The Newsletter 88 Spring 2021

Indonesia in ‘3D’. Development, Dictatorship and Democracy

Jean-Luc Maurer

On 17 August 2020, while the COVID-19 pandemic was raging, Indonesia celebrated less joyfully than planned the 75th anniversary of its independence. With more than 270 million people, it is the fourth most populated country in the world. It is also at the crossroads of the Indo-Pacific region where it occupies a uniquely strategic position. On the political front, it is the third largest democracy on earth and one of the few in the Muslim world to which it belongs, also counting the highest number of believers. At the economic level, well endowed with natural resources, it is one of the major emerging countries, with a rather good development record since the early 1970s, a member of the G20, and will possibly be the fourth or fifth biggest economy in the world by 2045, at which time it will be celebrating its centenary. In spite of all that, Indonesia remains certainly the most unknown and ignored among major nations. This article is a summary of a French-language book whose title can translate as “Indonesia: Garuda’s turbulent take-off”.1 https://books.openedition.org/iheid/7876 It aims to fill part of a knowledge gap about this country, particularly marked in the French literature. Its main objective is to retrace the history of the archipelago’s economic, social and political development.

Ambitious objective

In the introduction, some methodological clarifications are followed by a short presentation of Indonesia’s favourable situation at the beginning of 2020. After a first chapter to set the geographical and the pre-colonial scene, followed by a second on the heavy heritage of 350 years of Dutch colonial domination, it focuses on the post independence period with a different chapter devoted to each of the five major phases one can distinguish since 1950: the troubled Sukarno years of political instability and economic decline (1950-1966); the New Order authoritarian era of economic development and political repression under Suharto’s dictatorship (1966-1998); the chaotic but decisive transition to democracy known as Reformasi (1998-2004); the decade of economic stability and democratic stagnation during which Soesilo Bambang Yudhoyono was president (2004-2014); and the six years that have elapsed since Joko Widodo was elected in 2014 and re-elected in 2019 to the presidency, where clear signs of democratic regression have started to accumulate amidst a positive economic situation until early 2020. The book ends with an epilogue showing how this favourable situation has turned to a deep economic and social crisis due to the irruption of the COVID-19 pandemic, which was managed inefficiently, as well as the consequences it had on the acceleration of democratic regression. However, it is preceded by a conclusion drawing the lessons from the Indonesian development process and stressing the possible links one can establish with the phases of dictatorship or democracy the country has known, including a brief comparison with the four other co-founding ASEAN members, Thailand, Malaysia, Singapore and the Philippines.
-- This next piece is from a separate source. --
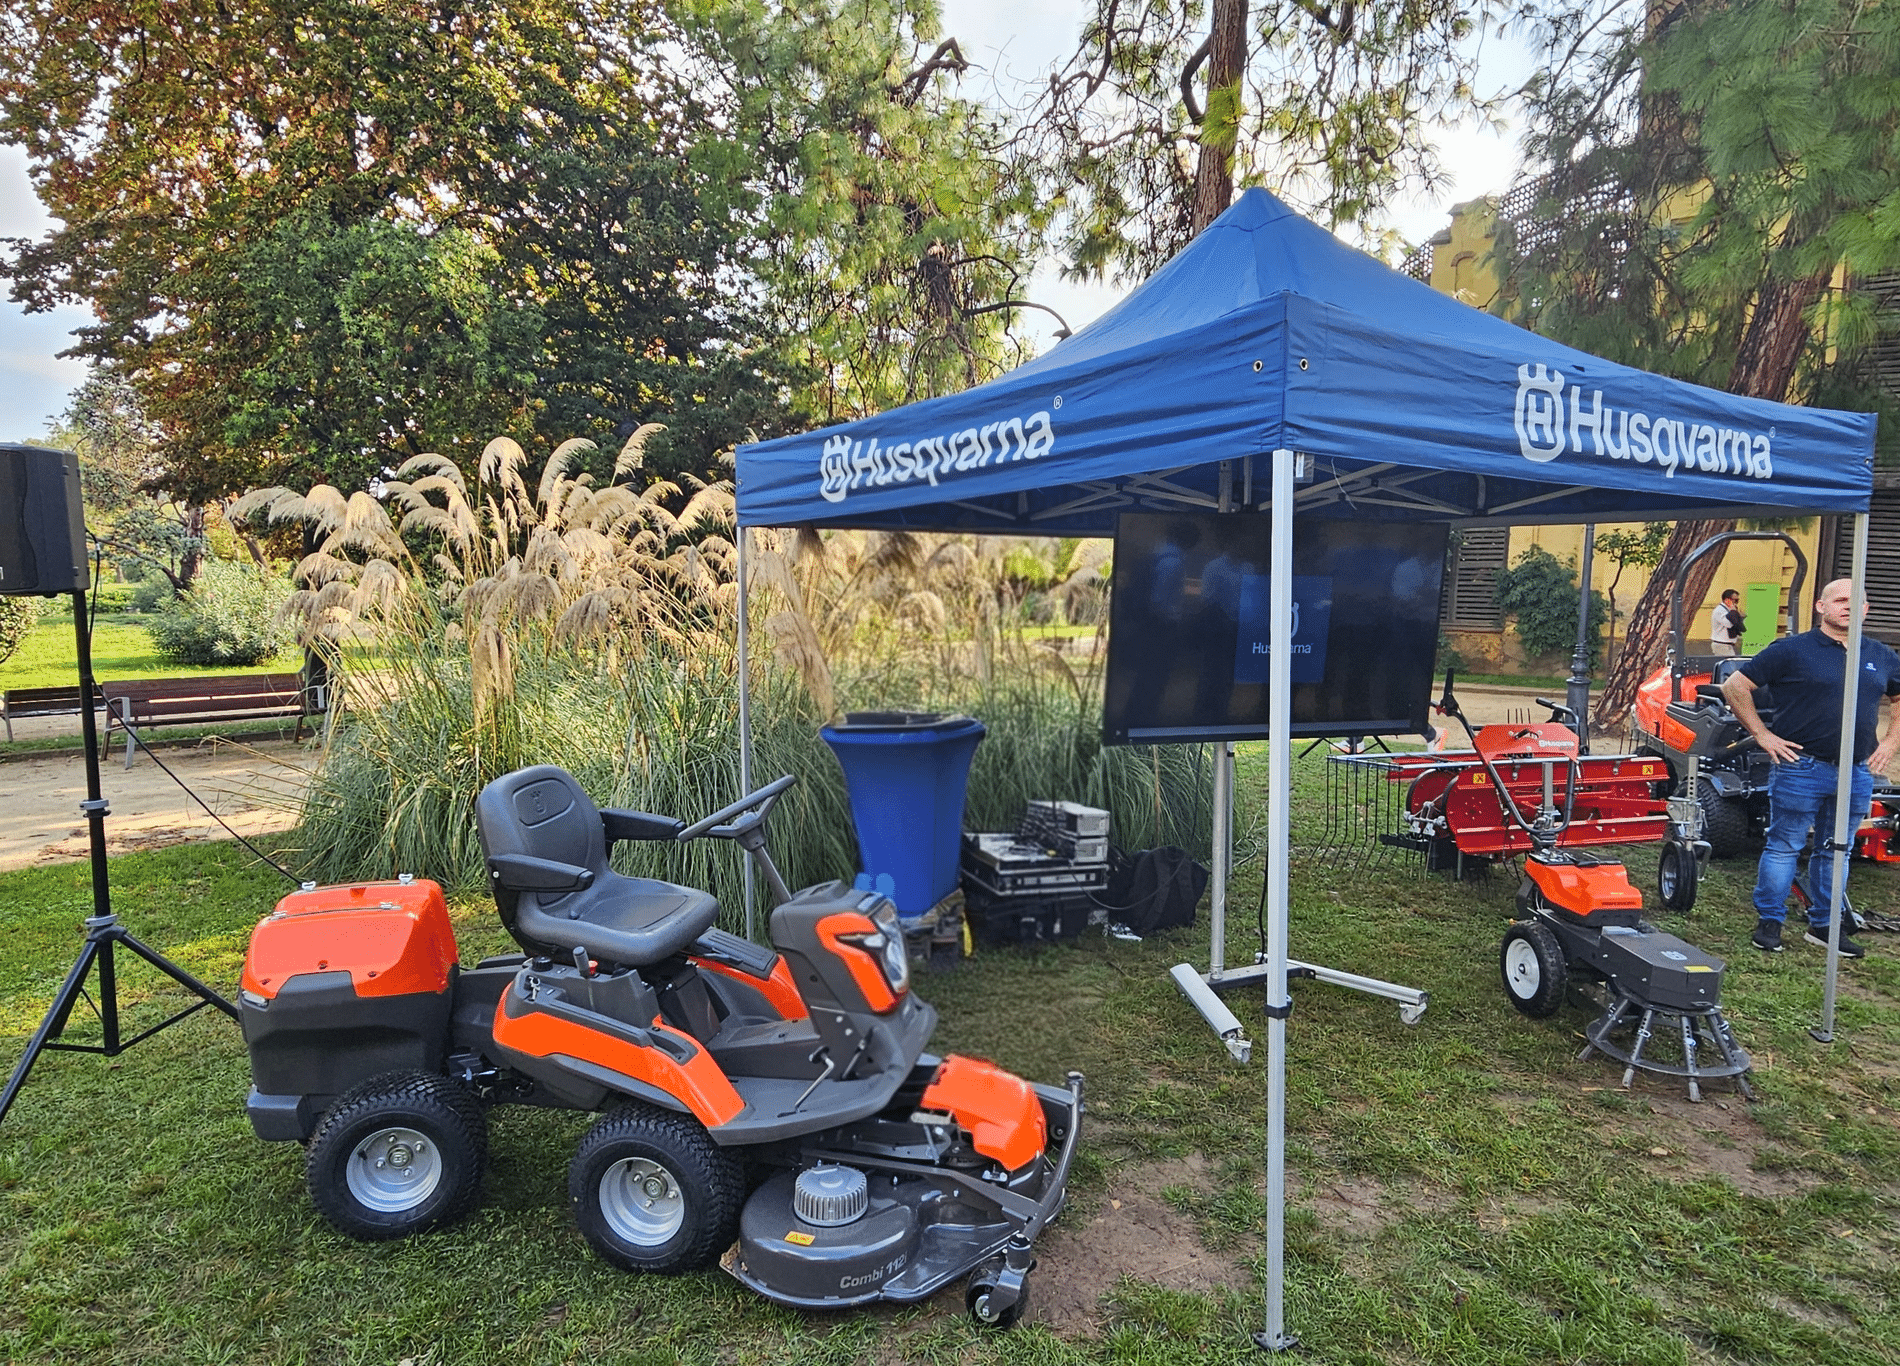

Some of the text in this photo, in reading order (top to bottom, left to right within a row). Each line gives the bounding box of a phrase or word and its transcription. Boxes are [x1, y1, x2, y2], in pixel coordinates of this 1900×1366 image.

However, the book also has a second, wider and more ambitious objective: to allow the reader, through what is considered as the emblematic case of Indonesia, to better understand the dynamics of development, this global process of change resulting in a nation’s economic, social, political and cultural transformation. The emblematic nature of the case study is not only linked to the fact that Indonesia started from a very low level of development and has reached a certain degree of success in this domain, but also to the complex and ambiguous relation that this process has entertained with dictatorship and democracy, the two political regimes between which the country has wavered since independence. As a matter of fact, this analysis of the relation in ‘3D’ between development, dictatorship and democracy constitutes the connecting thread of the book, with the ambition to clarify the following haunting question: which of the two political regimes has been more efficient in terms of economic and social development?

Sukarno: polarisation and recession

After independence, proclaimed in 1945, and the four following years of a devastating national liberation war against the colonial power, Indonesia went through two very different political experiences under the presidency of Sukarno from 1950 to 1966: the first was rather democratic and the second clearly more authoritarian. Neither of these two experiences put the country on the path of sustained economic and social development. Until 1959, in spite of the huge difficulties met from the start – resulting from the burden of colonial heritage, the iniquitous conditions for decolonisation imposed by the Dutch and the very poor state of the economy – the country seemed able to engage in a promising developmental process. However, the political instability inherent in the commendable but probably premature attempt to establish a regime of western-inspired parliamentarian liberal democracy, ill-adapted to traditional Indonesian political culture, proved to be a major obstacle. Moreover, the difficulty to forge national unity and the various regional rebellions during the 1950’s in different parts of the archipelago monopolised all the energy and derailed this developmental process. In the end, parliamentary democracy resulted in a serious development failure.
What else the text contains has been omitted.